Refer to the following block diagram of the krnl_cbc kernel. It has four identical CBC engines, which receive input data from AXI read master via engine control unit. They then send the data to and receive output data from the krnl_aes kernel via the AXI stream port, and send the result to AXI write master via the engine control unit.
An AXI control slave module is used to set the necessary kernel arguments. The krnl_cbc kernel finishes the task with input/output grouped words stored in global memory. Each internal engine will handle one words group at one time.

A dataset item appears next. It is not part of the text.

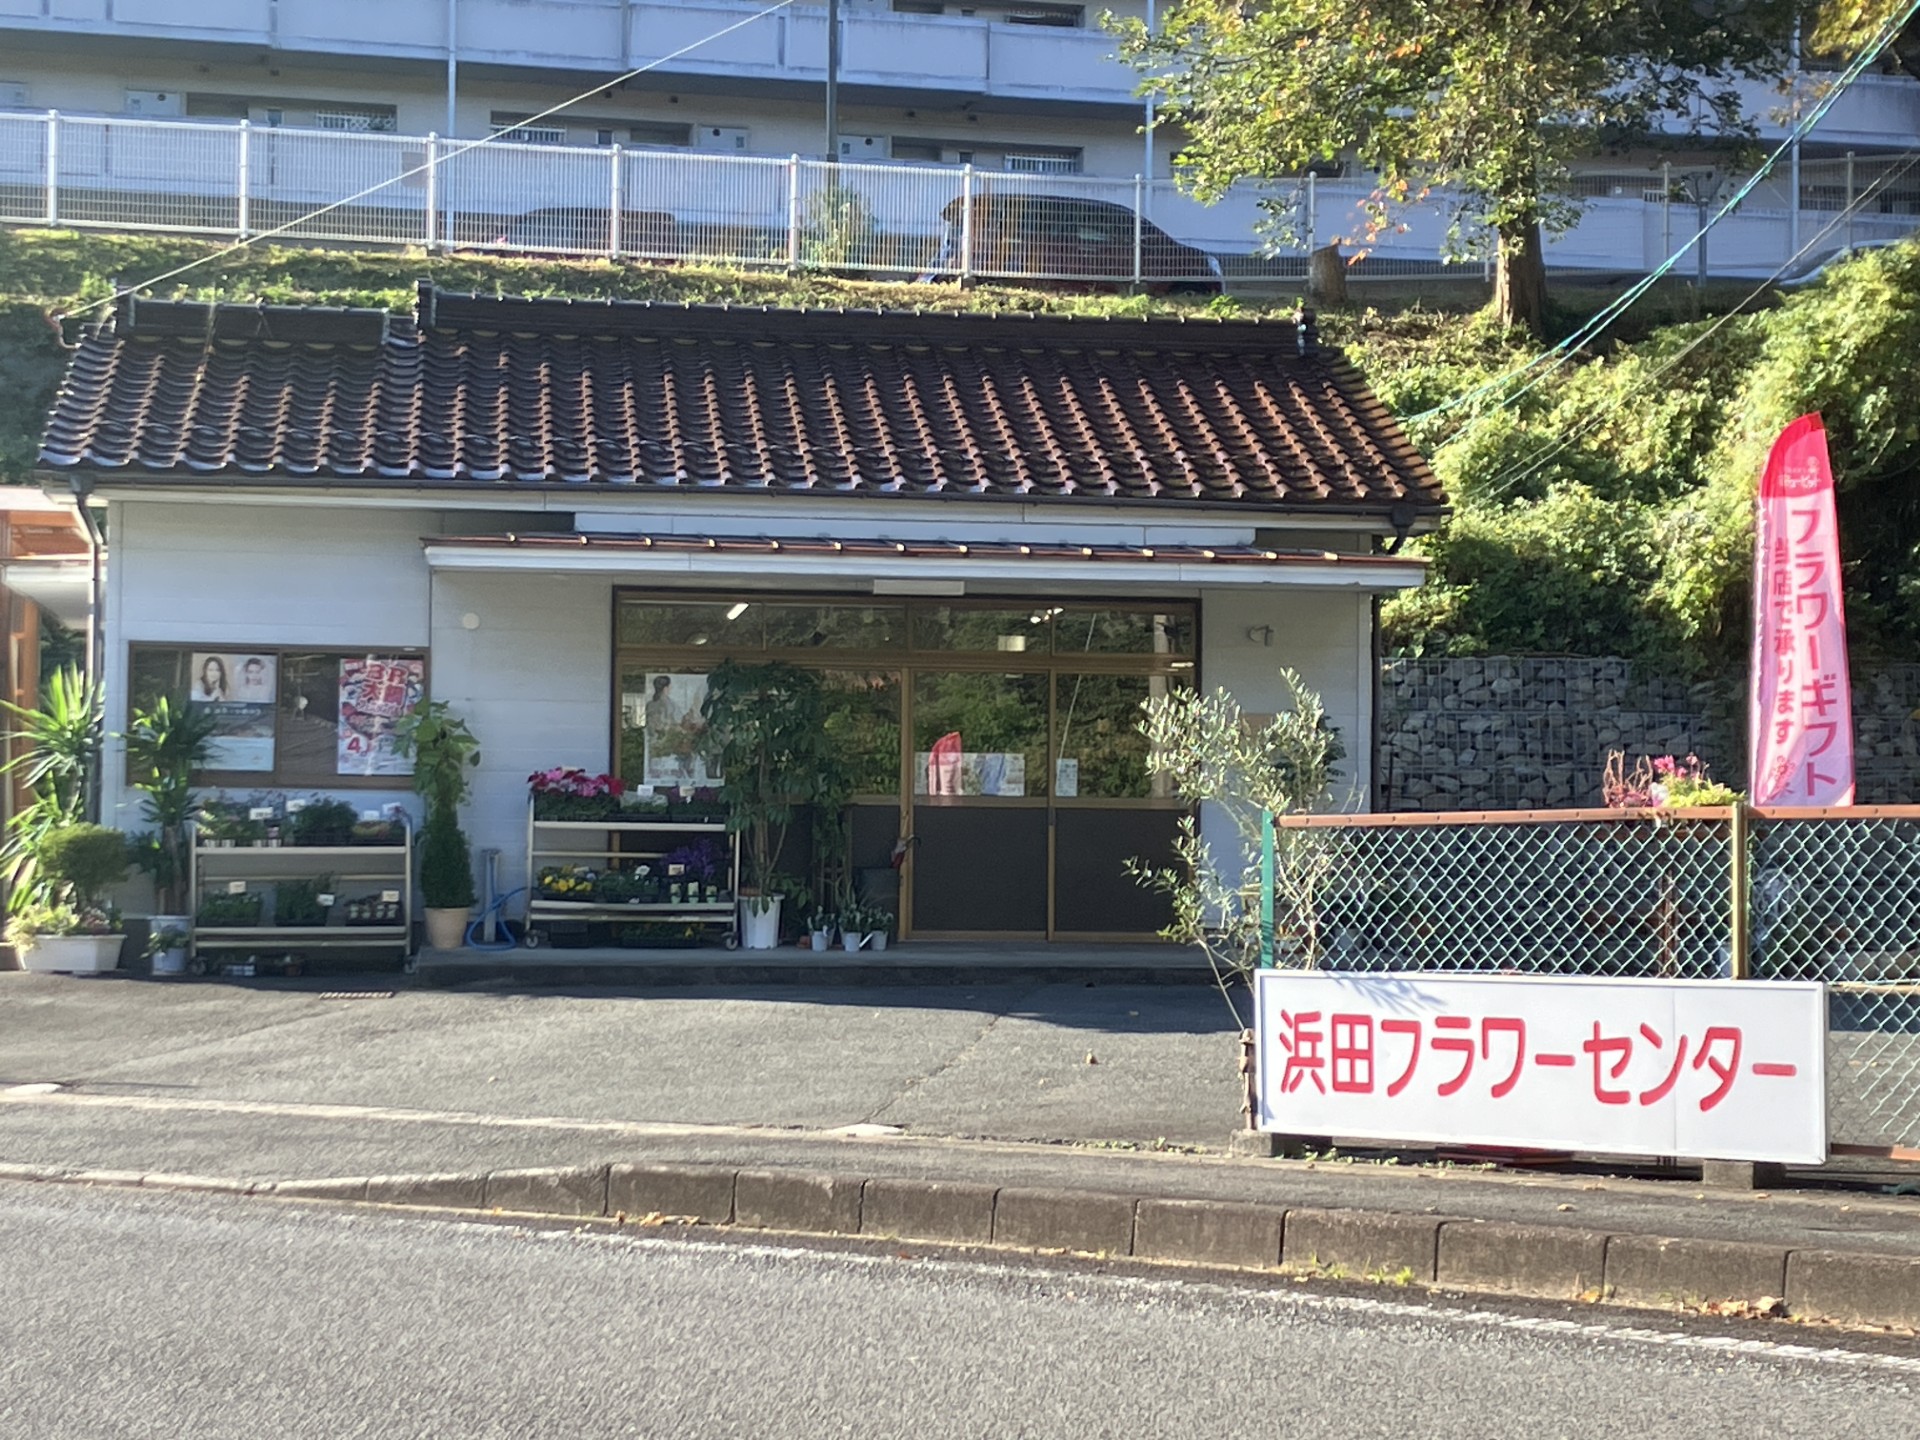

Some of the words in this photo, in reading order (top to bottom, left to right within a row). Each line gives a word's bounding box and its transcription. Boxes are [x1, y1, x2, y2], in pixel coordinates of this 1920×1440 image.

[1773, 537, 1795, 745] 当店で承ります
[1791, 509, 1837, 796] フラワーギフト
[1279, 1009, 1797, 1112] 浜田フラワーセンター

Consecutive input groups are assigned to different internal CBC engines in round-robin fashion by engine control module. The krnl_cbc kernel uses a single kernel clock for all internal modules.
The krnl_cbc kernel supports the ap_ctrl_chain execution model. ap_ctrl_chain is an extension to the ap_ctrl_hs model; the kernel execution is divided into input sync and output sync stage. Control signals ap_start and ap_ready are used for input sync, while ap_done and ap_continue are used for output sync. Refer to Supported Kernel Execution Models for detailed explanations.
The following figure demonstrates an example waveform of ap_ctrl_chain module for two beat input sync and two beat output sync (kernel execute two jobs consecutively).
For input sync, at clock edge a and b, ap_start is validated and de-asserted by the ap_ready signal, and triggers the kernel execution simultaneously. (This is somewhat similar to TVALID validated by TREADY in the AXI stream protocol.) The XRT scheduler detects the status of the ap_start signal, and asserts ap_start when the signal is low, meaning the kernel can accept a new task. The ap_ready signal is generated by the kernel, indicating its status.
For output sync, at clock edge c and d, ap_done is confirmed and de-asserted by the ap_continue signal, meaning the completion of one kernel job. When the XRT scheduler detects the ap_done signal has been asserted, XRT asserts ap_continue. Generally, this should be implemented as a self-clear signal, so that it only keeps one cycle.
From the waveform, we can see that before the ap_done signal was asserted, the kernel uses the ap_ready signal to tell the XRT that it can accept new input data. This scheme acts as back-pressure on the input sync stage to enable the task pipeline to fully utilize the hardware capability. In the above example waveform, XRT writes ap_start bit and ap_continue bit twice each in the AXI control slave register.
The following table lists all the control register and kernel arguments included in AXI slave port. There is no interrupt support in this kernel.
| Name | Addr Offset | Width (bits) | Description |
|---|---|---|---|
| CTRL | 0x000 | 5 | Control Signals. bit 0 - ap_start bit 1 - ap_done bit 2 - ap_idle bit 3 - ap_ready bit 4 - ap_continue |
| MODE | 0x010 | 1 | Kernel cipher mode: 0 - decryption 1 - encryption |
| IV_W3 | 0x018 | 32 | AES-CBC mode initial vector, Word 3 |
| IV_W2 | 0x020 | 32 | AES-CBC mode initial vector, Word 2 |
| IV_W1 | 0x028 | 32 | AES-CBC mode initial vector, Word 1 |
| IV_W0 | 0x030 | 32 | AES-CBC mode initial vector, Word 0 |
| WORDS_NUM | 0x038 | 32 | Number of 128-bit words to process |
| SRC_ADDR_0 | 0x040 | 32 | Input data buffer address, LSB |
| SRC_ADDR_1 | 0x044 | 32 | Input data buffer address, MSB |
| DEST_ADDR_0 | 0x048 | 32 | Output data buffer address, LSB |
| DEST_ADDR_1 | 0x04C | 32 | Output data buffer address, MSB |
| CBC_MODE | 0x050 | 1 | Cipher processing mode: 0 - AES-ECB mode 1 - AES-CBC mode |